| Instructions to follow |
All of the records below need to be written out exactly, but without the pictures.

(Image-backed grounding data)
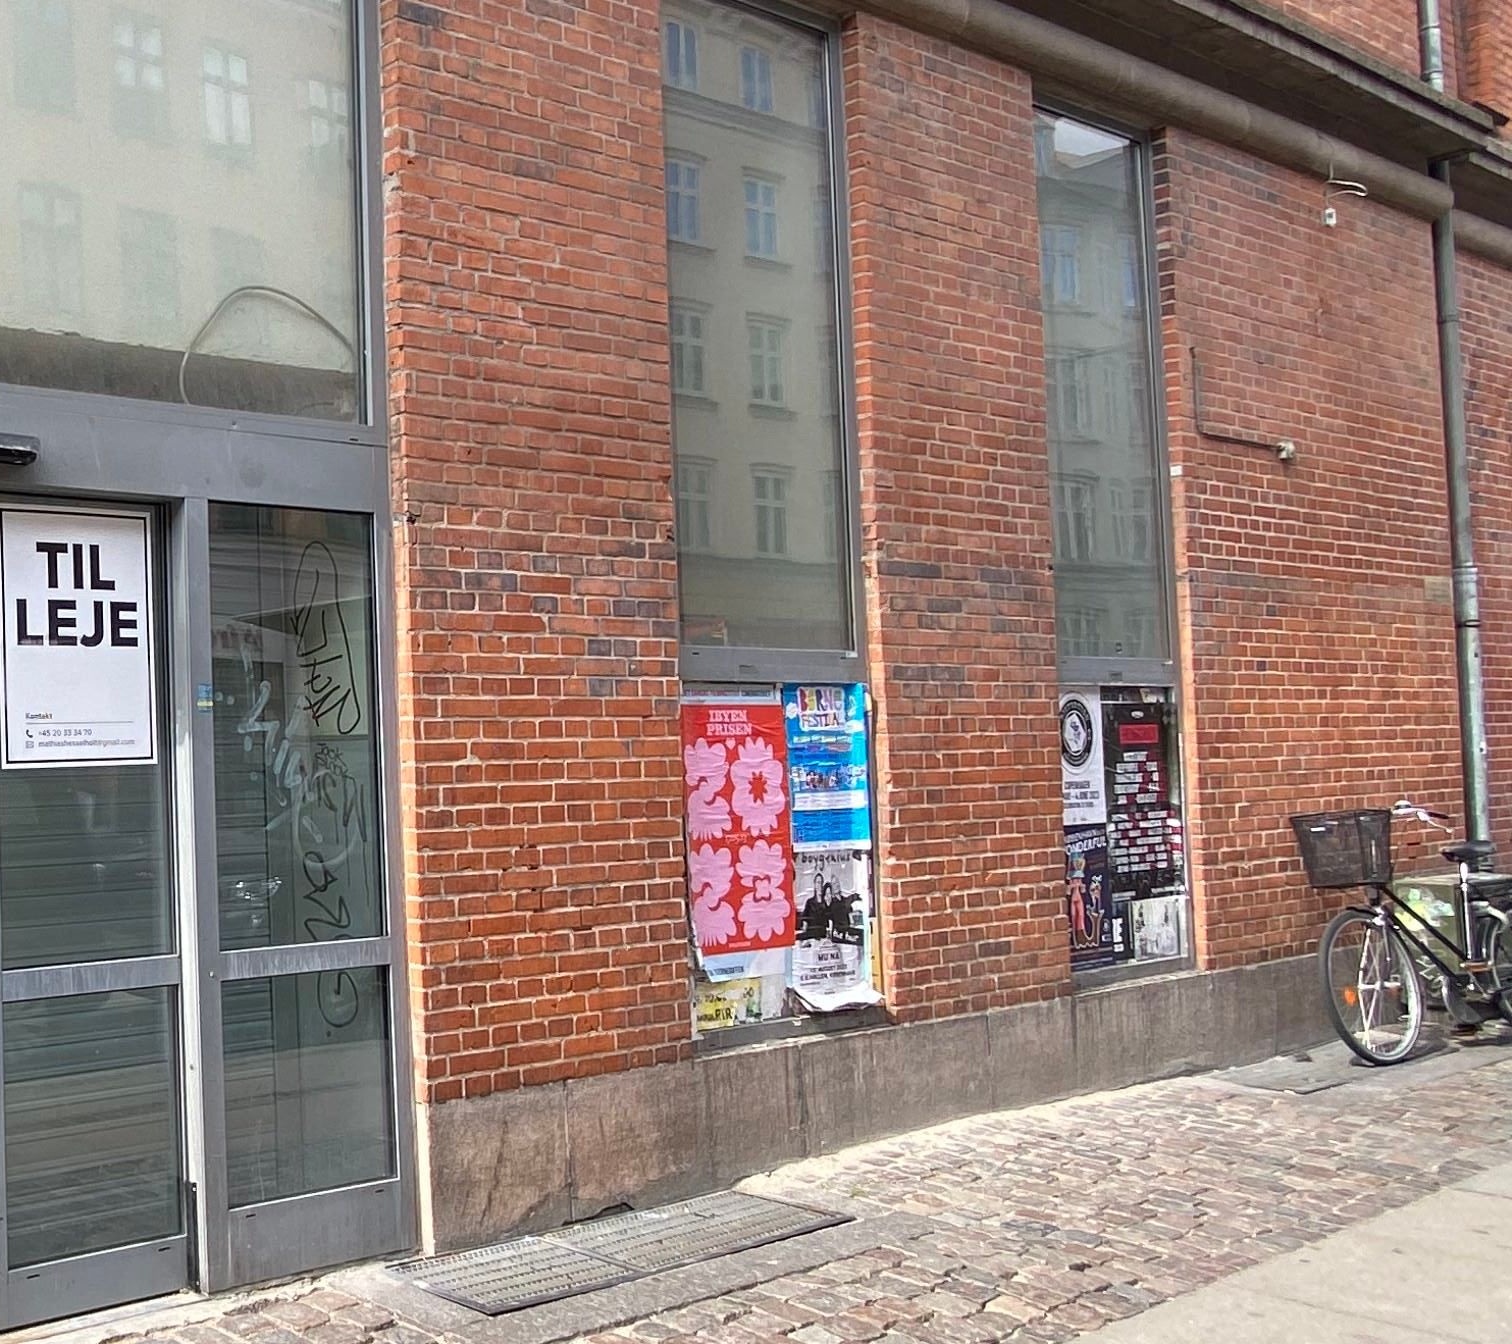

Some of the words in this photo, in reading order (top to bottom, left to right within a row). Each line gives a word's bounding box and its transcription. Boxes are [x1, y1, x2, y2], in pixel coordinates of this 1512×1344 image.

[36, 542, 115, 590] TIL
[16, 598, 138, 647] LEJE
[25, 712, 53, 720] Kontakt
[708, 709, 748, 722] IBYEN
[706, 723, 752, 737] PRISEN
[1065, 836, 1107, 856] ONDERFUL
[801, 852, 851, 871] boygenius
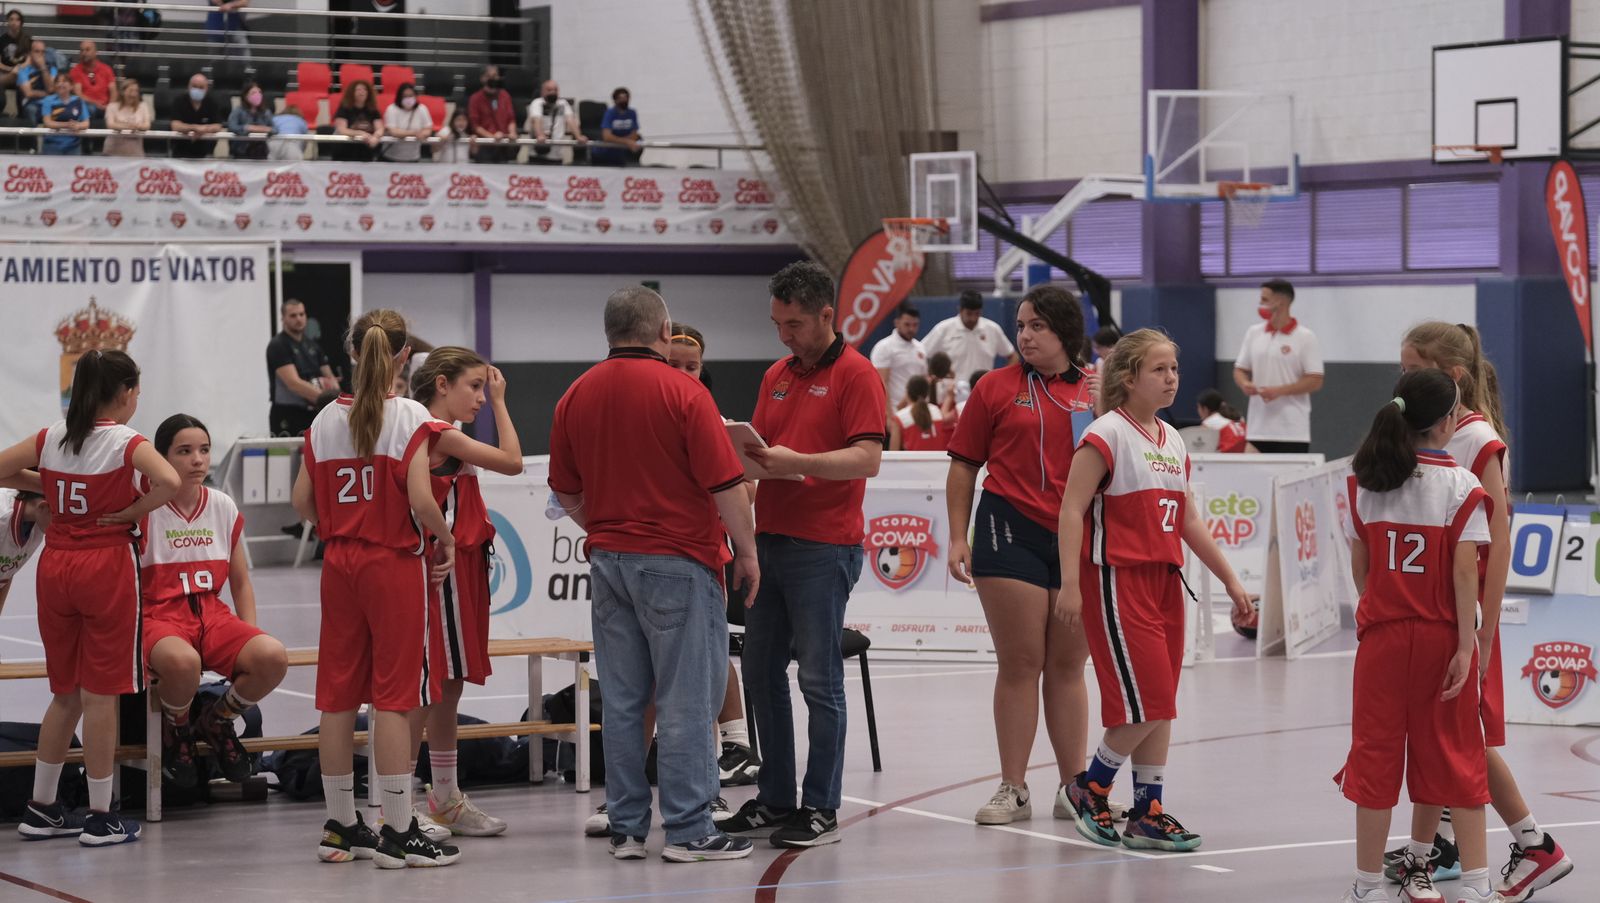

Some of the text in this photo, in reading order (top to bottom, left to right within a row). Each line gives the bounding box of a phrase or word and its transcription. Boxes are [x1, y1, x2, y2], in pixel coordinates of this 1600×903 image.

[8, 164, 48, 179] COPA
[74, 165, 114, 180] COPA
[139, 167, 177, 181] COPA
[204, 170, 239, 183] COPA
[267, 171, 303, 185] COPA
[4, 179, 53, 193] COVAP
[71, 180, 118, 194] COVAP
[136, 181, 182, 196] COVAP
[200, 184, 247, 198] COVAP
[263, 185, 309, 199] COVAP
[1553, 170, 1587, 306] COVAP
[0, 256, 256, 283] AMIENTO DE VIATOR
[336, 465, 375, 503] 20
[56, 479, 89, 515] 15
[881, 517, 918, 527] COPA
[173, 536, 214, 549] COVAP
[871, 530, 928, 547] COVAP
[1386, 529, 1426, 574] 12
[1511, 523, 1554, 577] 0
[1565, 535, 1585, 561] 2
[178, 569, 214, 596] 19
[547, 573, 592, 601] an
[891, 623, 936, 633] DISFRUTA
[955, 624, 990, 634] PARTIC
[1545, 645, 1580, 654] COPA
[1534, 656, 1588, 671] COVAP
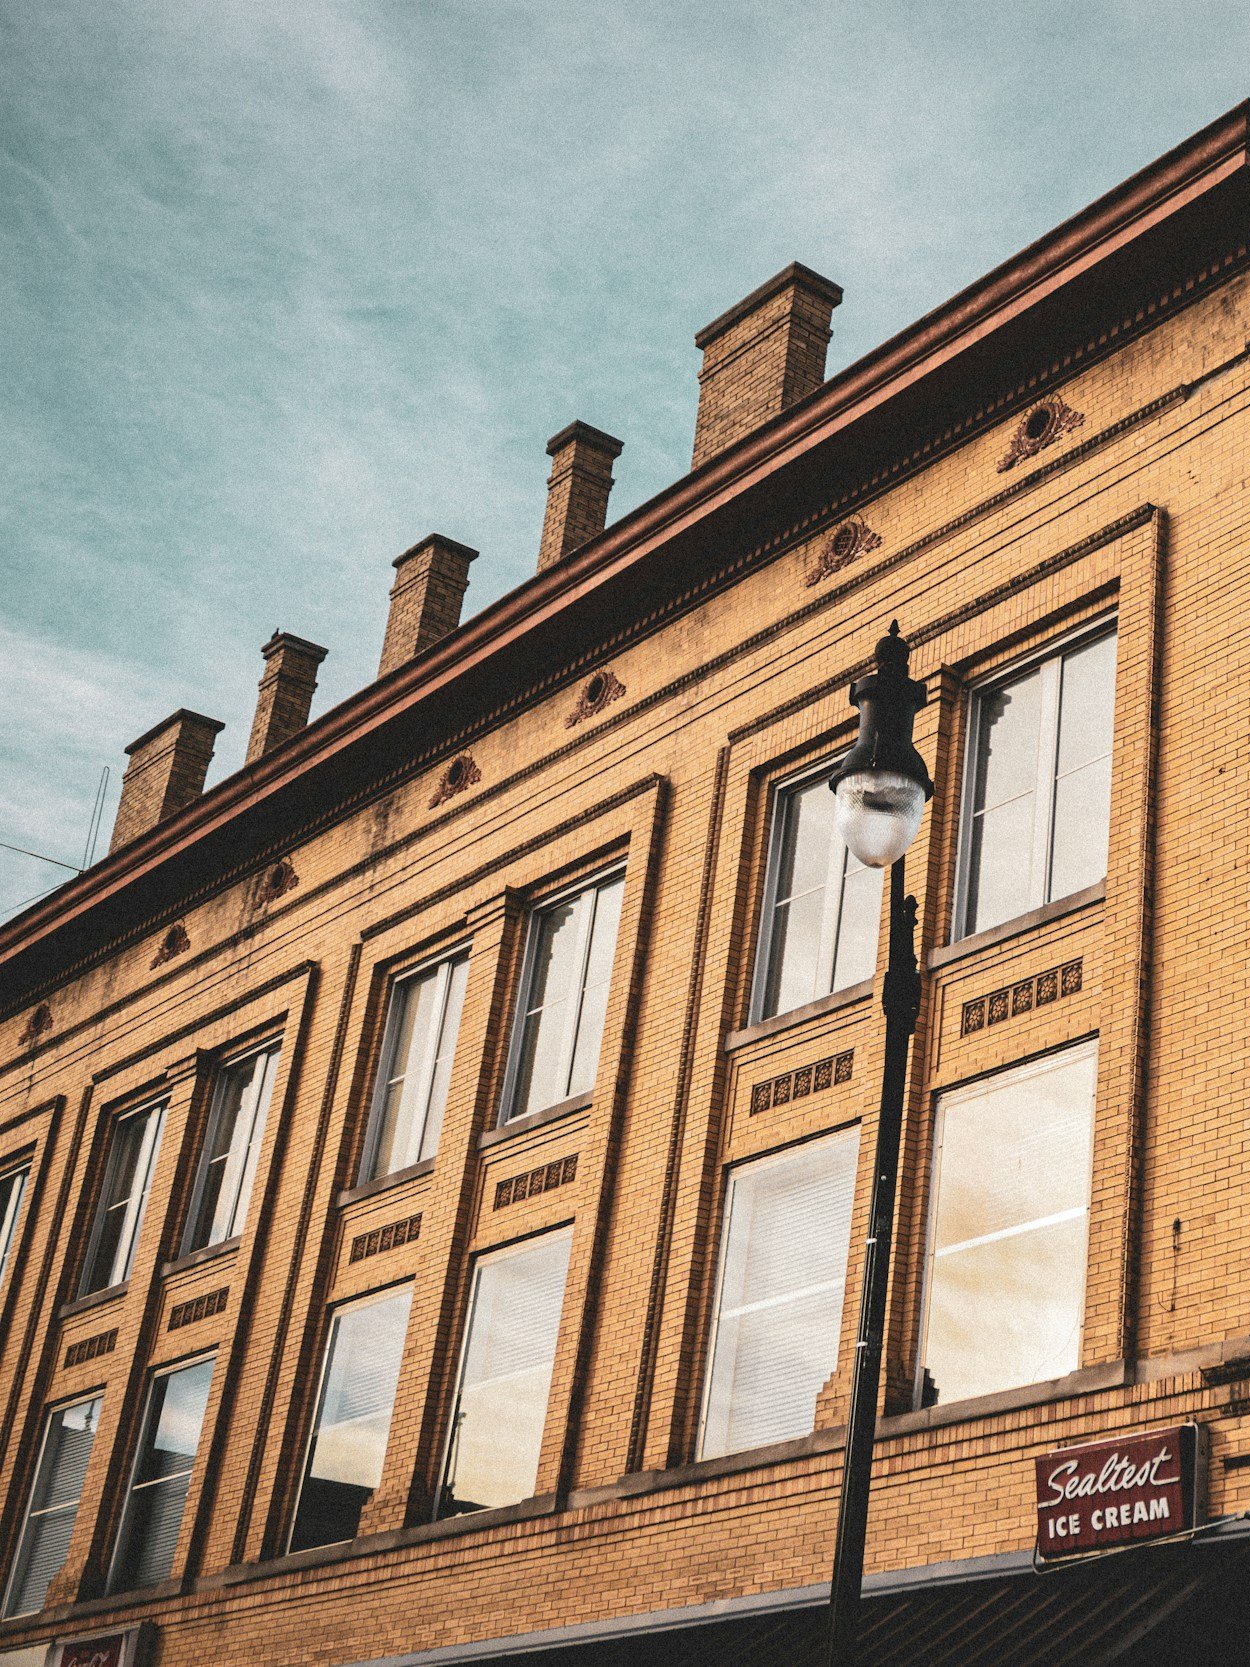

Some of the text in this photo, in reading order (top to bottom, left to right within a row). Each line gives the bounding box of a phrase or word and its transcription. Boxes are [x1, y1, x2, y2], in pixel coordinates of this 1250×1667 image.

[1037, 1446, 1180, 1509] Sealtest
[1048, 1497, 1170, 1539] ICE CREAM

| Exercise response |
Some of the words in this photo, in reading order (top to bottom, left to right within a row). Each line gives a word's bounding box and its transcription. Boxes are [x1, y1, x2, y2], in pixel coordinates of this 1512×1344 image.

[36, 542, 115, 590] TIL
[16, 598, 138, 647] LEJE
[25, 712, 53, 720] Kontakt
[708, 709, 748, 722] IBYEN
[706, 723, 752, 737] PRISEN
[1065, 836, 1107, 856] ONDERFUL
[801, 852, 851, 871] boygenius

Some of the text in this photo, in reading order (top to bottom, left to right within a row). Each line gives the bounding box of a phrase or word and its transcription. Boxes are [x1, y1, x2, y2], in pixel coordinates of this 1600×903 image.

[8, 164, 48, 179] COPA
[74, 165, 114, 180] COPA
[139, 167, 177, 181] COPA
[204, 170, 239, 183] COPA
[267, 171, 303, 185] COPA
[4, 179, 53, 193] COVAP
[71, 180, 118, 194] COVAP
[136, 181, 182, 196] COVAP
[200, 184, 247, 198] COVAP
[263, 185, 309, 199] COVAP
[1553, 170, 1587, 306] COVAP
[0, 256, 256, 283] AMIENTO DE VIATOR
[336, 465, 375, 503] 20
[56, 479, 89, 515] 15
[881, 517, 918, 527] COPA
[173, 536, 214, 549] COVAP
[871, 530, 928, 547] COVAP
[1386, 529, 1426, 574] 12
[1511, 523, 1554, 577] 0
[1565, 535, 1585, 561] 2
[178, 569, 214, 596] 19
[547, 573, 592, 601] an
[891, 623, 936, 633] DISFRUTA
[955, 624, 990, 634] PARTIC
[1545, 645, 1580, 654] COPA
[1534, 656, 1588, 671] COVAP

Some of the text in this photo, in reading order (top to bottom, left to right within a row). Each line gives the bounding box of a phrase or word and its transcription. Boxes are [x1, y1, x2, y2], in pixel coordinates of this 1250×1667 image.

[1037, 1446, 1180, 1509] Sealtest
[1048, 1497, 1170, 1539] ICE CREAM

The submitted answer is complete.